Similar to the packaging disclosed in Bitner, although the additional complexity required to access the content of the blister might achieve a higher child resistance rating, the additional complexity also makes the content of the blister less accessible to those users who suffer from diminished physical abilities or poor eyesight.
The packaging disclosed in Matthews suffers from the same limitations as the aforementioned packaging containing two distinct layers, namely, the additional level of complexity required to access the product and the possibility that the user tears more of the backing than required, thereby reducing the child resistant properties of the packaging of the remaining products.
However, these limitations are magnified by the addition of a third layer, i.e., the outermost, non-frangible layer.

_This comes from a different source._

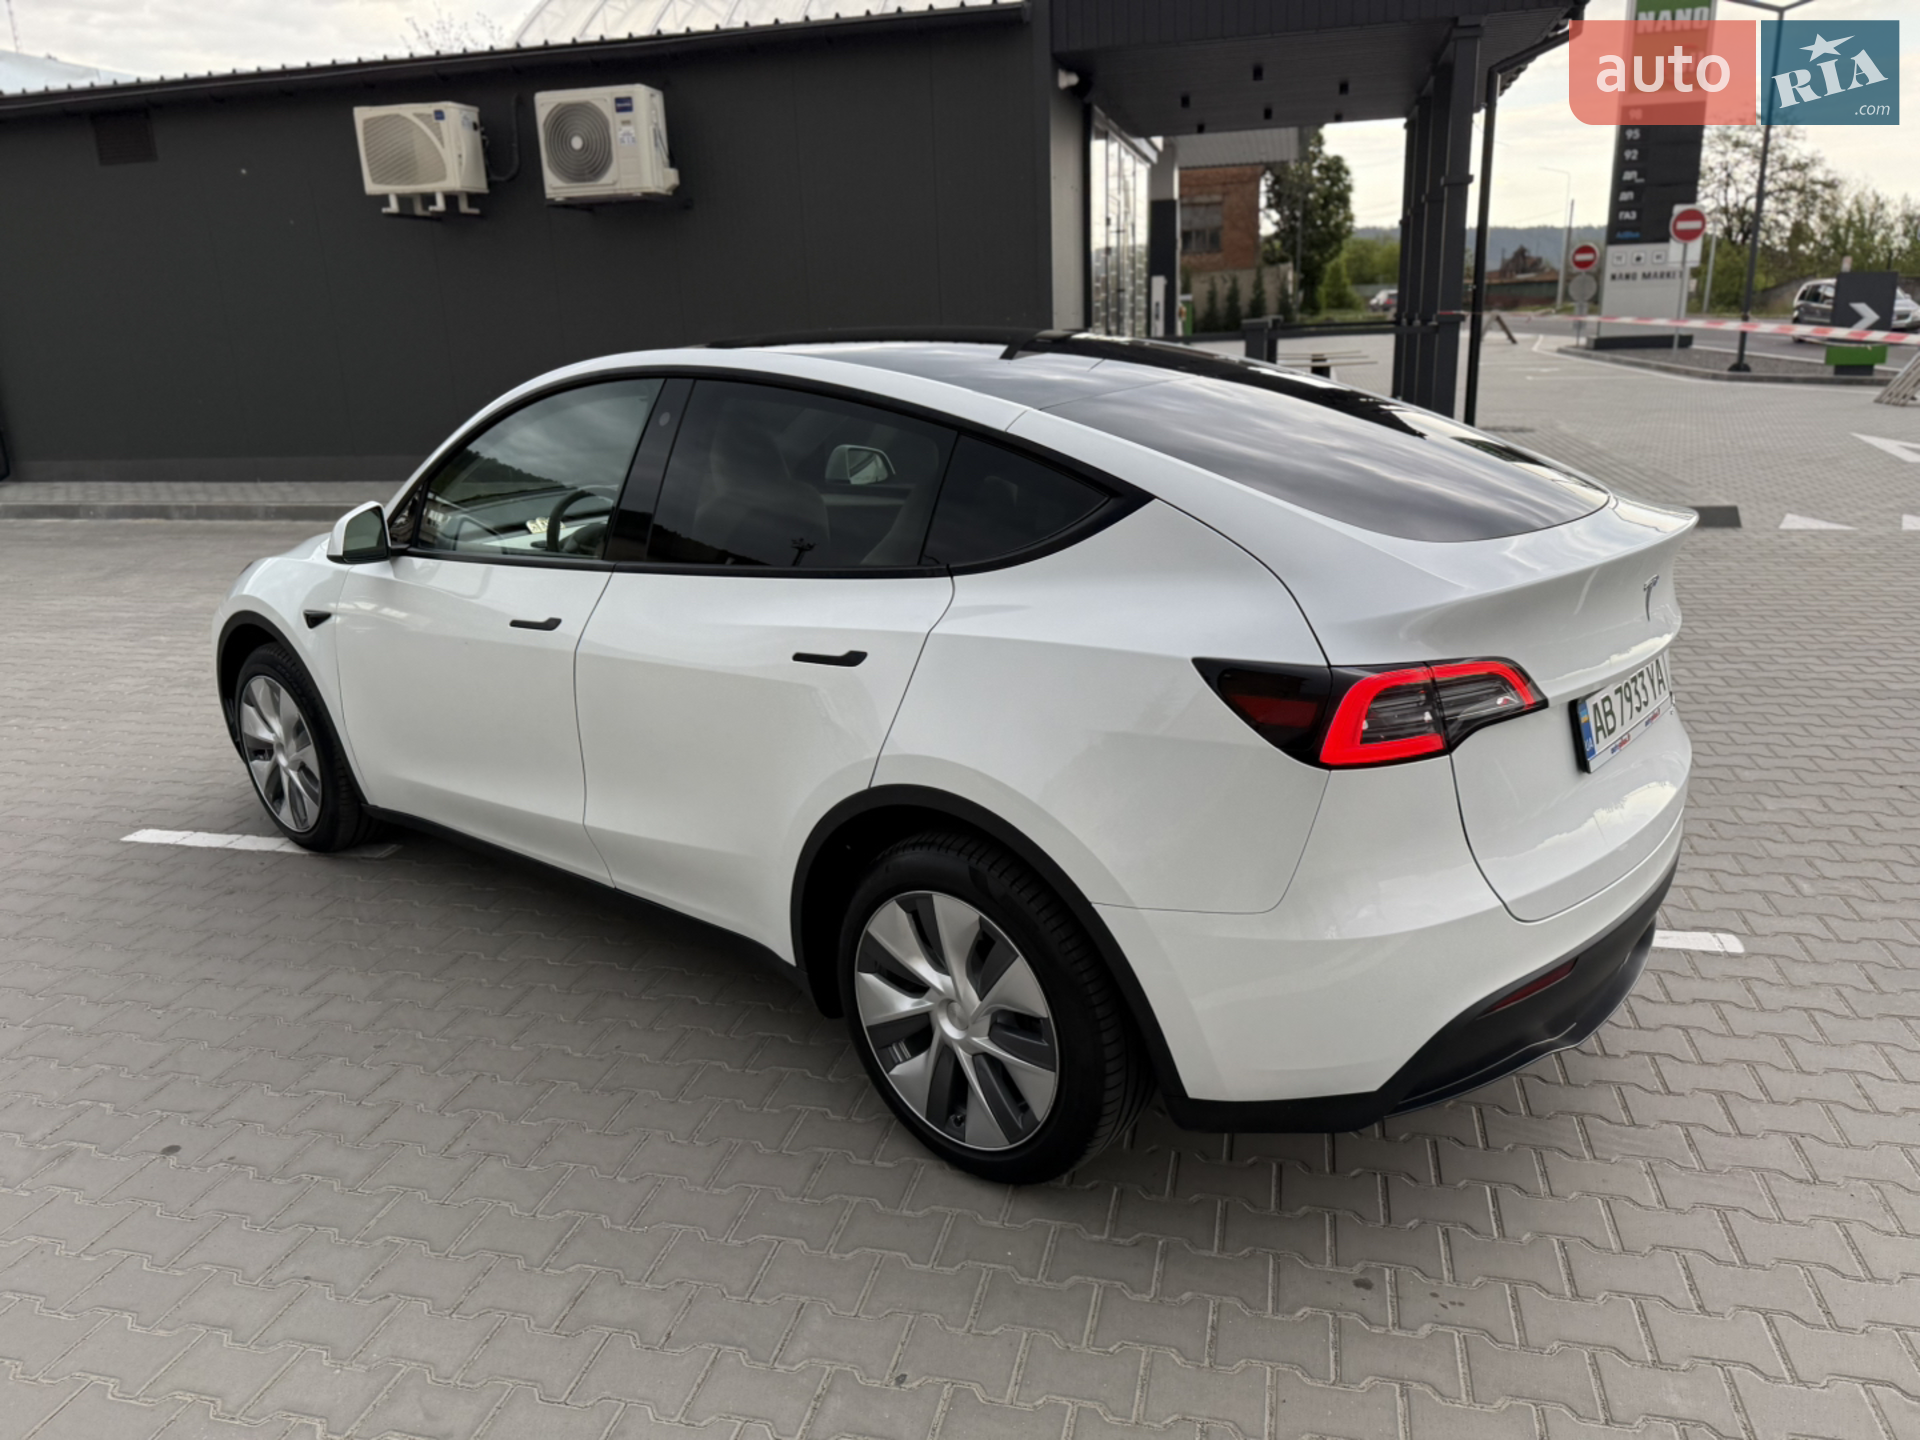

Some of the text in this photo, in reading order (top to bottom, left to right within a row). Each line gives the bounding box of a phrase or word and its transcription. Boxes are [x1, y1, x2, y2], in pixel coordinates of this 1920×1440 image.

Again, the Vasquez packaging requires multiple, intricate steps that will be difficult to perform by users suffering from diminished physical abilities or poor eyesight.
Again, when the blister card packaging is used to package pharmaceutical drugs, removing the non-frangible layer from an entire row of pills degrades the child resistance of the pills in the row that are not immediately removed.
However, none of these patents disclose a method that prevents the user from removing more of the backing than that which covers the intended blister or blisters.
In contrast, if the rigidity of the perforated ovals is high, the Godfrey packaging impedes access to the blisters' content for adults having impaired physical abilities.
These three steps can be very difficult for a senior citizen, or other adult, having impaired physical abilities.
Such individuals may resort to sharp objects for removal of any of the aforementioned layers, which is likely to damage the packaging.
In a clinical trial, the results of a participant that returns damaged, empty packaging may be discarded, thereby increasing the total number of participants and the cost of the clinical trial.
Whereas the lack of adhesion between the outer and inner layers of the backing facilitate removal of the backing, the multiple peels required to remove the blister's content renders the Danville packaging difficult for adults having impaired physical abilities.
The blister card packaging disclosed in Swartz does not contain a method of preventing more than the desired backing from being torn.
Additionally, the pressure exerted on the packaging to form the pull-tab may damage the packaging.